Sunday, September 28, 2014

Beautiful Weather and Apple Picking

We have had the most beautiful week and the weather this weekend has been amazing.  Today's forecast was for a high of 76.  There were no clouds.  It was perfect.  We have been outside non stop for the past two days.  The kids have been playing tag, looking for frogs, catching bugs, playing water balloons, washing cars.  We have had two bonfires.  It has been busy.  It has been awesome.

At Snider Creek looking for Frogs 
They had been asking to wash the car all summer.  I figured this might be their last chance for awhile.  Cheap labor.  All I had to give them were popsicles.  

Two nights of bonfires.   Two nights of mosquito bites and smores.  

We decided it would be a great day to go to the apple orchard.  I love this tradition.  I hope it lasts forever.  I love the kids excitement.  They love running from tree to tree.  Picking apples.  Taking a few bites.  Throwing the apple down.  Repeat.  

This year we asked the Snider Family if they wanted to go with us.  We had a good time, but the kids are starting to outgrow it.  Boo.  I hope that doesn't happen to us.  

It is so nice to have a low key weekend where we can just play and spend time together. 


Excited to be picking apples.  


Two fisted apple eater.  

I remember when we had to lift him to reach the apples.  No Mom needed, only tippy toes.  

So excited to find the biggest apple ever!  He wanted to know if it was as big as his head!

Helping Daddy push.  

Beautiful girl.  She wore her apple jeans for the occasion.  


I'm not sure how many apples this kid ate.  Last week he was "getting way too sick of apples"


I really believe that it is impossible to have 4 people look at the camera and smile.  

Monday, September 8, 2014

First Day of Preschool

I made it through the first week of kindergarten.  It was tough, but we made it through.  Then, today...Leah started preschool.  She seemed excited to go.  She has been saying that she was going to go to school in the Fall.  She kept asking me if it was Fall yet.  We put Ryan on the bus, took our obligatory first day picture and were off.




She was excited to walk into the building, but clammed up a bit when Ms.

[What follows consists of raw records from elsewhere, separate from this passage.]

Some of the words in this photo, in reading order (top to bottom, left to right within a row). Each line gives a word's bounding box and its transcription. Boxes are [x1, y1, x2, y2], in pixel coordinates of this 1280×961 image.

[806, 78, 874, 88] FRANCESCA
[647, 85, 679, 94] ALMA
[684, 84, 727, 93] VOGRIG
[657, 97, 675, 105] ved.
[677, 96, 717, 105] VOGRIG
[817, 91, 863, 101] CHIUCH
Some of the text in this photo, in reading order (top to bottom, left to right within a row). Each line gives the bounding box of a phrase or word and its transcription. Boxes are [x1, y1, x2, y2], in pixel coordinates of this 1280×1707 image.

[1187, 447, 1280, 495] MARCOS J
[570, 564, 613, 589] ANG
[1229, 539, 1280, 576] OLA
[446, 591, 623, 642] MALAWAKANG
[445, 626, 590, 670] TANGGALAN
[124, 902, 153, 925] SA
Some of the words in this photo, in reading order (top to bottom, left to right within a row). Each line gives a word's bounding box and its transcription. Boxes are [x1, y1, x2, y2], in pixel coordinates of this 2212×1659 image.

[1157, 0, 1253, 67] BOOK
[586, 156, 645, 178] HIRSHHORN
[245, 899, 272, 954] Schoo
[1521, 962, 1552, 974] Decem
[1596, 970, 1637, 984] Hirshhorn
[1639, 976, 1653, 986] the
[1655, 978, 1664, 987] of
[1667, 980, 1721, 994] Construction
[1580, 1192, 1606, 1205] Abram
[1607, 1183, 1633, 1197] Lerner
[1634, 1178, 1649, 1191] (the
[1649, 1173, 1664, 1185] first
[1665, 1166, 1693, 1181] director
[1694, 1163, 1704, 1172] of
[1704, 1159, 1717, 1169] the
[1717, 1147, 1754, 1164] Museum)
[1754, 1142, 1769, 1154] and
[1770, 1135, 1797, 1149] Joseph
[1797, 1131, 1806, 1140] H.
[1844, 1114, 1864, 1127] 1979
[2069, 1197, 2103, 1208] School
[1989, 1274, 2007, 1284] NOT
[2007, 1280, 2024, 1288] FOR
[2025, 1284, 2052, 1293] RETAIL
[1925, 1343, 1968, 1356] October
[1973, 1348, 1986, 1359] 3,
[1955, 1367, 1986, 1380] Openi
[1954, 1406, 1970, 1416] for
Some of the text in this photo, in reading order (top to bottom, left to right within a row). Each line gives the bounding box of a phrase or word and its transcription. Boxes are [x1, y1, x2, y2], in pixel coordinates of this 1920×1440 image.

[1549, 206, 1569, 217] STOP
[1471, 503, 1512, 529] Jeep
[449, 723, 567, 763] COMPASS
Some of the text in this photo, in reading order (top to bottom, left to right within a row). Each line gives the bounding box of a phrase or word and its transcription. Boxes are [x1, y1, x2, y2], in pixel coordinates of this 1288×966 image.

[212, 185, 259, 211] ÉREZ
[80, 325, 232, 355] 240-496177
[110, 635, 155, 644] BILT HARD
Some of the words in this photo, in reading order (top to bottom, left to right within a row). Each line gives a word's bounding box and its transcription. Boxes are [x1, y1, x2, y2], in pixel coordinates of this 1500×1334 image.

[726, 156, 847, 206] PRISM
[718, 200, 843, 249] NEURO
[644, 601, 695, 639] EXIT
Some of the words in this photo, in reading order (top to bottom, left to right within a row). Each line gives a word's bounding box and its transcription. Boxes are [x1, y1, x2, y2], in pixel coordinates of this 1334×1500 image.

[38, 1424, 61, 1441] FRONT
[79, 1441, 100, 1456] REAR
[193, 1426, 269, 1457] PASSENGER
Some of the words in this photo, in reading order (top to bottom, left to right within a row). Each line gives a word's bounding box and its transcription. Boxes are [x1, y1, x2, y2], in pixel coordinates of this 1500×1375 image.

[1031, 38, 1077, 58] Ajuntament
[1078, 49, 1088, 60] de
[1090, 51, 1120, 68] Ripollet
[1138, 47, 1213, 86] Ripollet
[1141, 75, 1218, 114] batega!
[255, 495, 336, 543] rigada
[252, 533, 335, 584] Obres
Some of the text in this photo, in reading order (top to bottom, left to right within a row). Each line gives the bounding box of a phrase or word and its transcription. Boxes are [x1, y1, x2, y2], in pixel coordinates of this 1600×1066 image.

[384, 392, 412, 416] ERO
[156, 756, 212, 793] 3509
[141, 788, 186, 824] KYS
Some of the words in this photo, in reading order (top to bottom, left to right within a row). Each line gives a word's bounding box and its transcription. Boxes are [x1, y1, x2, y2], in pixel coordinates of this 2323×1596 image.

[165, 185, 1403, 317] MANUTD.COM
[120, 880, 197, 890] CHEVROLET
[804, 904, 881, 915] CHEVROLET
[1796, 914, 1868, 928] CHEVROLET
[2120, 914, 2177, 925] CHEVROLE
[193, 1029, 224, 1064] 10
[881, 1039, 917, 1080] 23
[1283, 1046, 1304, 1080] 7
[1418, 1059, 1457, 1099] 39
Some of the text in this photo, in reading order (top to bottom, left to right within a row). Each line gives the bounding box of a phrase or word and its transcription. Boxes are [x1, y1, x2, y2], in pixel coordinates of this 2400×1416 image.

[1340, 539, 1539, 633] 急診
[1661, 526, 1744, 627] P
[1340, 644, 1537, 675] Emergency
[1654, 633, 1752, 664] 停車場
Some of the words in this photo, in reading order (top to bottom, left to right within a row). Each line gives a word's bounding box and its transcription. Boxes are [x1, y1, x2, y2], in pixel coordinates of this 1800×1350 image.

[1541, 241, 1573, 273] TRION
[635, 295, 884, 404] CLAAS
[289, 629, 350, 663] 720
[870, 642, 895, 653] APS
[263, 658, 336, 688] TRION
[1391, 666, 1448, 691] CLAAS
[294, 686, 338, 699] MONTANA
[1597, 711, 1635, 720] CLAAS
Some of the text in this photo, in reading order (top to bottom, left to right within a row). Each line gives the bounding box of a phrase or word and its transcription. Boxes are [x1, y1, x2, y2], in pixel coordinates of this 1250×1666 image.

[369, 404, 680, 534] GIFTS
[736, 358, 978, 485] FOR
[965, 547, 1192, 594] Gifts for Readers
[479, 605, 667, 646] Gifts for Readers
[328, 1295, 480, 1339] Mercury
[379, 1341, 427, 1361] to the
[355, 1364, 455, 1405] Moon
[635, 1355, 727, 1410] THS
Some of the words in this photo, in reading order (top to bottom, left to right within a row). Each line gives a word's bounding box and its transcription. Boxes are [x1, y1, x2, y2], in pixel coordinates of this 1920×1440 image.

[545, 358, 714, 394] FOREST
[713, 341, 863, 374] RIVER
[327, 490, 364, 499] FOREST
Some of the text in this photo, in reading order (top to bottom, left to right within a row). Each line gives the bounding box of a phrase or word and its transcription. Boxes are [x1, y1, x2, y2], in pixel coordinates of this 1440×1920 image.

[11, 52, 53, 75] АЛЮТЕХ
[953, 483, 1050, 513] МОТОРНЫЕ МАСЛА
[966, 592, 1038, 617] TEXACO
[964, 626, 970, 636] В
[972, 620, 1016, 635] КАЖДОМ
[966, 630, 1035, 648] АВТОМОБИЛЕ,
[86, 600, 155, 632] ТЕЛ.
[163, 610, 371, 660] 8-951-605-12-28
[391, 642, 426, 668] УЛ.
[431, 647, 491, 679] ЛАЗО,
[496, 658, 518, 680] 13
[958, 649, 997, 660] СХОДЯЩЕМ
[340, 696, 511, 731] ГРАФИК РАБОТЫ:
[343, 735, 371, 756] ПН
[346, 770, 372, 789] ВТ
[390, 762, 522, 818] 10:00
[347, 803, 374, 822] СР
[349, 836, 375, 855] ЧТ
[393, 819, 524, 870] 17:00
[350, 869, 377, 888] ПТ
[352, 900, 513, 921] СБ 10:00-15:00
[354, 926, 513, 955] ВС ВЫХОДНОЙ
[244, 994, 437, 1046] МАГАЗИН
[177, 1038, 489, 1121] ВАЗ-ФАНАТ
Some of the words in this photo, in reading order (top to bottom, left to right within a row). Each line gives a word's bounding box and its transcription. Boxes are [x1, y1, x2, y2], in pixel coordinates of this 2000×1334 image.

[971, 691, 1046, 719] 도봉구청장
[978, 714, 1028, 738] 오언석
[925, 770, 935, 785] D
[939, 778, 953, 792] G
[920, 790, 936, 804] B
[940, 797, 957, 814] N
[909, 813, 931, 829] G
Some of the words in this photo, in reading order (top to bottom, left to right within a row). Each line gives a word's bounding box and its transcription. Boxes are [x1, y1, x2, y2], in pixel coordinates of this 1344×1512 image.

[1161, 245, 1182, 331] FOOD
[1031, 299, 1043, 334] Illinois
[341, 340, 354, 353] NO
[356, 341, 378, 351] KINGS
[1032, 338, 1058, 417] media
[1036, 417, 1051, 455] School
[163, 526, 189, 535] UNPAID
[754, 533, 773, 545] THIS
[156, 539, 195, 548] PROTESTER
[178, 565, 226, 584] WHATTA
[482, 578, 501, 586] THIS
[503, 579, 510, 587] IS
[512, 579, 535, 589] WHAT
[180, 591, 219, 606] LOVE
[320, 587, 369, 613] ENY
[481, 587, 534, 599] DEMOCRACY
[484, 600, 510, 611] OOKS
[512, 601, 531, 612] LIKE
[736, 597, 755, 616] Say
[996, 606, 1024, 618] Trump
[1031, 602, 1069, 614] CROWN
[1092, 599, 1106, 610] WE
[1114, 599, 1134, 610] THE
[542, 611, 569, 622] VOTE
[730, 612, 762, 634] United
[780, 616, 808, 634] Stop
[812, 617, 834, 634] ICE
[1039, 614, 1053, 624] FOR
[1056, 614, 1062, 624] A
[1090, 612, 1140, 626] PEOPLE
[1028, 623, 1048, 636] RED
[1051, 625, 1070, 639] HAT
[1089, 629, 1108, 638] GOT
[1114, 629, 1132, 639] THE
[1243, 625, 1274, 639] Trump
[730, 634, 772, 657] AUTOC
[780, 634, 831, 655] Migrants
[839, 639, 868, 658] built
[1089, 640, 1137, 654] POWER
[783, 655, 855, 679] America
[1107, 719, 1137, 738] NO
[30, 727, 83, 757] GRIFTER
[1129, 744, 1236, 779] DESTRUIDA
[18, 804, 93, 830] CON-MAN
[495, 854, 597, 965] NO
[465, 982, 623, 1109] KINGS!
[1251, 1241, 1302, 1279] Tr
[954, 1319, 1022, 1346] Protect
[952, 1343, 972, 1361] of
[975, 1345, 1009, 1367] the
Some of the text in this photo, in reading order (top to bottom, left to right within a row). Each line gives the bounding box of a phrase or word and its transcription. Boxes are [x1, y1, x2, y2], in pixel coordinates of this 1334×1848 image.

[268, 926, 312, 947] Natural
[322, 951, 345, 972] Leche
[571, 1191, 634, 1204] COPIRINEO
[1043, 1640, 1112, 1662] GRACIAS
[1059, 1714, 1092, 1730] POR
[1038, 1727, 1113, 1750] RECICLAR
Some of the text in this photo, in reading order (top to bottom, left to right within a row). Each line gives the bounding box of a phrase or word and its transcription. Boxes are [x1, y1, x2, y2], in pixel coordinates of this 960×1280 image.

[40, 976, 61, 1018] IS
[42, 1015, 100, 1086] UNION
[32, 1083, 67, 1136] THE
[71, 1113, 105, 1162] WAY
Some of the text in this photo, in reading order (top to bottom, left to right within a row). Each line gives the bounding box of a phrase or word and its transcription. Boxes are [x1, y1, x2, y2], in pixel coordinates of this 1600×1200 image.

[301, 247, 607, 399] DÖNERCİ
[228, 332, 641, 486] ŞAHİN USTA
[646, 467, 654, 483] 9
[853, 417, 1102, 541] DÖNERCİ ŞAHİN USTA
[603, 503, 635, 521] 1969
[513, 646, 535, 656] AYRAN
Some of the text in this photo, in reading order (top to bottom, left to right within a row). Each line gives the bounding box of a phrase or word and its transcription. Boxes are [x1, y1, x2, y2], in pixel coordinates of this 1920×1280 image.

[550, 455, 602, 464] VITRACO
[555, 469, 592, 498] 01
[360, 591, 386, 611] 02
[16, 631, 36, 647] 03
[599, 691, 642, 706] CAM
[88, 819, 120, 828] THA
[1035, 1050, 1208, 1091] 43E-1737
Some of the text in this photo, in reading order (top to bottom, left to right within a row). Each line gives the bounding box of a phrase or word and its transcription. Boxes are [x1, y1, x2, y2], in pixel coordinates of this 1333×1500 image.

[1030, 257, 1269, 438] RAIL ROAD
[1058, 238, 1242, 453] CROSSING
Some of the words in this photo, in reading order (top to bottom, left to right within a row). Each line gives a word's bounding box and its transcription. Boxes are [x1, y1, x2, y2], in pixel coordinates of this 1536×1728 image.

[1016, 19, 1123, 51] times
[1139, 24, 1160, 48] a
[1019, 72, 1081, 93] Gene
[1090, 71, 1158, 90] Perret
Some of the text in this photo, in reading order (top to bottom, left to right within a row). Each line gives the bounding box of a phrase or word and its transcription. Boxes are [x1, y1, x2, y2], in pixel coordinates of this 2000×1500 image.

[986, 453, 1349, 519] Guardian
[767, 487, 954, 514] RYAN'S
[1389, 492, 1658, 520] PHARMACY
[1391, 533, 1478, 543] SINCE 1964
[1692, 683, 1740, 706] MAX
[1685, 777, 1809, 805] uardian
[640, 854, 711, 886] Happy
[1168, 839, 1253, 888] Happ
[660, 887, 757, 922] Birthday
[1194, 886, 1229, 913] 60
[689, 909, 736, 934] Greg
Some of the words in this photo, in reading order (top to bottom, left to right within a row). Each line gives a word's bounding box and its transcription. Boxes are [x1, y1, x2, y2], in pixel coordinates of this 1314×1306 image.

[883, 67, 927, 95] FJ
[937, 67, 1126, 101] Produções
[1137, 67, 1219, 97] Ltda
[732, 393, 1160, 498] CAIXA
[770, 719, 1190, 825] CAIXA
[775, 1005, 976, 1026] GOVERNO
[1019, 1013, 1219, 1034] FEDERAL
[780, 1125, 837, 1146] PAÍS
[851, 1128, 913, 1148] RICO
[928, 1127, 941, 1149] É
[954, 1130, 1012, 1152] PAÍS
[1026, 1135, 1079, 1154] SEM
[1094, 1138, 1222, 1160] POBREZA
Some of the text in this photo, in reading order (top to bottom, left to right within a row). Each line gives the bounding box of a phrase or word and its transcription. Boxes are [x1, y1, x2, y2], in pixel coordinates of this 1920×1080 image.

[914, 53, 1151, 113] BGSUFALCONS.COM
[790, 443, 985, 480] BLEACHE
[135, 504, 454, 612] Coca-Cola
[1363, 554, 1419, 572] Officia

Michelle (the teacher she doesn't know), started talking to her.  I quickly gave her a hug and handed her to Ms. Sherry and left.  It was hard, I wanted to cry, but I didn't look back.  I heard from another mom that she was doing well.

I went home to an empty house.  It was very strange.  I cleaned like a mad woman while waiting to go pick her up.  I was so anxious.  I had a lot of flashbacks while I was waiting for her.  I kept thinking about Ryan starting there.  He was 3.  She was 1.  I can't believe how fast time has gone.  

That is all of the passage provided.